English spelling isn't just about pronounciation. It also indicates grammar - most regular verbs end in -ed in the past, whether it's pronounced -ed or -t. And it can indicate etymology - English is one of the world's biggest borrowers of words from other languages. But that does all make it difficult for learners.

MrsHathaway · 06/03/2015 23:36

No, on the whole orthography does not inform pronunciation (there are a few exceptions such as "often").

For me, paw, poor, pour and pore sound the same; in areas of Scotland no two are the same. Standardise to my accent (losing precision) or theirs (reintroducing redundancy)?

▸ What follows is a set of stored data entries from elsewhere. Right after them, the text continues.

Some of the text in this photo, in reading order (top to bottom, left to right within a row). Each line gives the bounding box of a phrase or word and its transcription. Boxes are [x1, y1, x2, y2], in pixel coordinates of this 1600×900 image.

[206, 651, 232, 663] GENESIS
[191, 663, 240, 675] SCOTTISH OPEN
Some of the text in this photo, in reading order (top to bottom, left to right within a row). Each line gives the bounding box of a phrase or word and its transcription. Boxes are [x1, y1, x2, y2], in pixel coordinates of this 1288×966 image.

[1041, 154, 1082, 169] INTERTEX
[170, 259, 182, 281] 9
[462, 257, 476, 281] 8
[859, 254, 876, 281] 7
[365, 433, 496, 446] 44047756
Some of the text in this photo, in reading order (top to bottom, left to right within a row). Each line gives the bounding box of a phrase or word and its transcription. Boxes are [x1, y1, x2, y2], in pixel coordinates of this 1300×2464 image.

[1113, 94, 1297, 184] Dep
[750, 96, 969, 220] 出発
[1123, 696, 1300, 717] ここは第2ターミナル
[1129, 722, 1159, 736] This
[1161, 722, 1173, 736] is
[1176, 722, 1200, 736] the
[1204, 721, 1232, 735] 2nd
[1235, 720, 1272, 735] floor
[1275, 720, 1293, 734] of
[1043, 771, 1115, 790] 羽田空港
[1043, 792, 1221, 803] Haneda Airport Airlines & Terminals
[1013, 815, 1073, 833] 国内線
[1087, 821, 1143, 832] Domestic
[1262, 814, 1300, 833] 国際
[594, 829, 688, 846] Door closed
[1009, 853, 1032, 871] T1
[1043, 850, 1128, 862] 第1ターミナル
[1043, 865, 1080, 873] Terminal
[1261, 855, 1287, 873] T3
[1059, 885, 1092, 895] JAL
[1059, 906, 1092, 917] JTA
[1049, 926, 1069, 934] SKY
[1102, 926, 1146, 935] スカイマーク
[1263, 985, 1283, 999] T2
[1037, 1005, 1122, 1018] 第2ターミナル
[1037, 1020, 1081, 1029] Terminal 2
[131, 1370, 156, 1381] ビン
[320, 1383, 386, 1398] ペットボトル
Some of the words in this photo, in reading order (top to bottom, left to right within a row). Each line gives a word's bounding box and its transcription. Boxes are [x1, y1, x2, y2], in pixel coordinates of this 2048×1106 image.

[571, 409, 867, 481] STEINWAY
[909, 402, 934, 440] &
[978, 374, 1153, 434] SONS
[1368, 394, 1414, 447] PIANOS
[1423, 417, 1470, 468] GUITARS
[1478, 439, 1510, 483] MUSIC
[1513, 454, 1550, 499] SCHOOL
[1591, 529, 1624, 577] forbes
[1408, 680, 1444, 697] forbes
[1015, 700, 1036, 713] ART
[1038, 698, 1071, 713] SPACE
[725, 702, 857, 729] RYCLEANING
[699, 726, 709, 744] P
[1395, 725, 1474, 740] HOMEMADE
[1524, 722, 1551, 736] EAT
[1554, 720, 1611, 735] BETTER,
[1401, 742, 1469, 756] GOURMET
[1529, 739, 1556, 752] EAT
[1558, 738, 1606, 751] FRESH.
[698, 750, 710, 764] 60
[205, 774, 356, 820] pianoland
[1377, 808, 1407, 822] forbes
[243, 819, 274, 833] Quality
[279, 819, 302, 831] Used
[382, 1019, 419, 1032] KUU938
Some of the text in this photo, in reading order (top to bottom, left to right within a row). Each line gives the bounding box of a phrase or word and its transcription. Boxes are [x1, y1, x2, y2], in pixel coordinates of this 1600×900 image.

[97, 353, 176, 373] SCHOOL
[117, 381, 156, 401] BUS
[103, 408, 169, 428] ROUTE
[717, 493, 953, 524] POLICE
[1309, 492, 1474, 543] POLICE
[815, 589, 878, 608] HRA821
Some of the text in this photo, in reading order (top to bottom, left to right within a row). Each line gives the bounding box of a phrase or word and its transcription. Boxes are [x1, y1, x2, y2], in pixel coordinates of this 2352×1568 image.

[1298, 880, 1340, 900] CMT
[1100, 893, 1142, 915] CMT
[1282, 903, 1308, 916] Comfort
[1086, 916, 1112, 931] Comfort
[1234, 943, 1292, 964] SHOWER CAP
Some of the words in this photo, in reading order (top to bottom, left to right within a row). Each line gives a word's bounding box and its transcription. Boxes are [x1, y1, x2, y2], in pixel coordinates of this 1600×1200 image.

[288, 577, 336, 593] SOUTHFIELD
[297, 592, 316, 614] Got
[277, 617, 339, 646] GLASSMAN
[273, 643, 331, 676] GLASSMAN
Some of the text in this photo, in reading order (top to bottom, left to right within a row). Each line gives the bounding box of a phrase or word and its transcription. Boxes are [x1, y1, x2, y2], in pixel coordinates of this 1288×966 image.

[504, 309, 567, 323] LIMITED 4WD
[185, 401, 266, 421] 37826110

Breadandwine · 07/03/2015 19:44

To me, knowledge of number bonds and times tables are simply aids to mental arithmetic. How these are acquired doesn't, in the end, matter, I feel.

There's much evidence that setting tables to music helps the acquisition process - and here's a tune that makes 'Number bonds to ten' fun - at least it did with my grandchildren.

To the tune of Knees up Mother Brown:

1 and 9 is 10
2 and 8 is 10
3 and 7, and 4 and 6, and 5 and 5 is 10
Hoy!

This last shouted with glee and arms and legs akimbo!

All learning should be fun, right?

FastForward2 · 07/03/2015 20:24

I think infants can find out the number bonds by doing the subtraction and addition often enough, dont need to call them number bonds. Maybe schools need something to measure infants maths skills nowadays so knowing number bonds is a measure . In the past infants just did lots of sums, once youve added 3 to 7 often enough you will know they make 10. Likewise the chunking method for long division seemed odd, hard work when you can use the proper method and it works every time. I work in IT with graduates and find the emphasis on speed of getting the answer at the expense of thinking about and understanding concepts can be depressing. Understanding tens and units and carrying from one column to the next, using toys which help visualise how 10 units add up eg cuisinaire rods, to me these are better for understanding concept of number.
For example i can tell you 74 to 80 is 6 but not know this is a 'number bond', its just from practice using decimal system and visualising the size of 4 and 6 and 10.

mathanxiety · 07/03/2015 20:59

I think you are correct to suspect that measurable skills are the name of the game, and never mind that the skills themselves are often irrelevant to what comes next.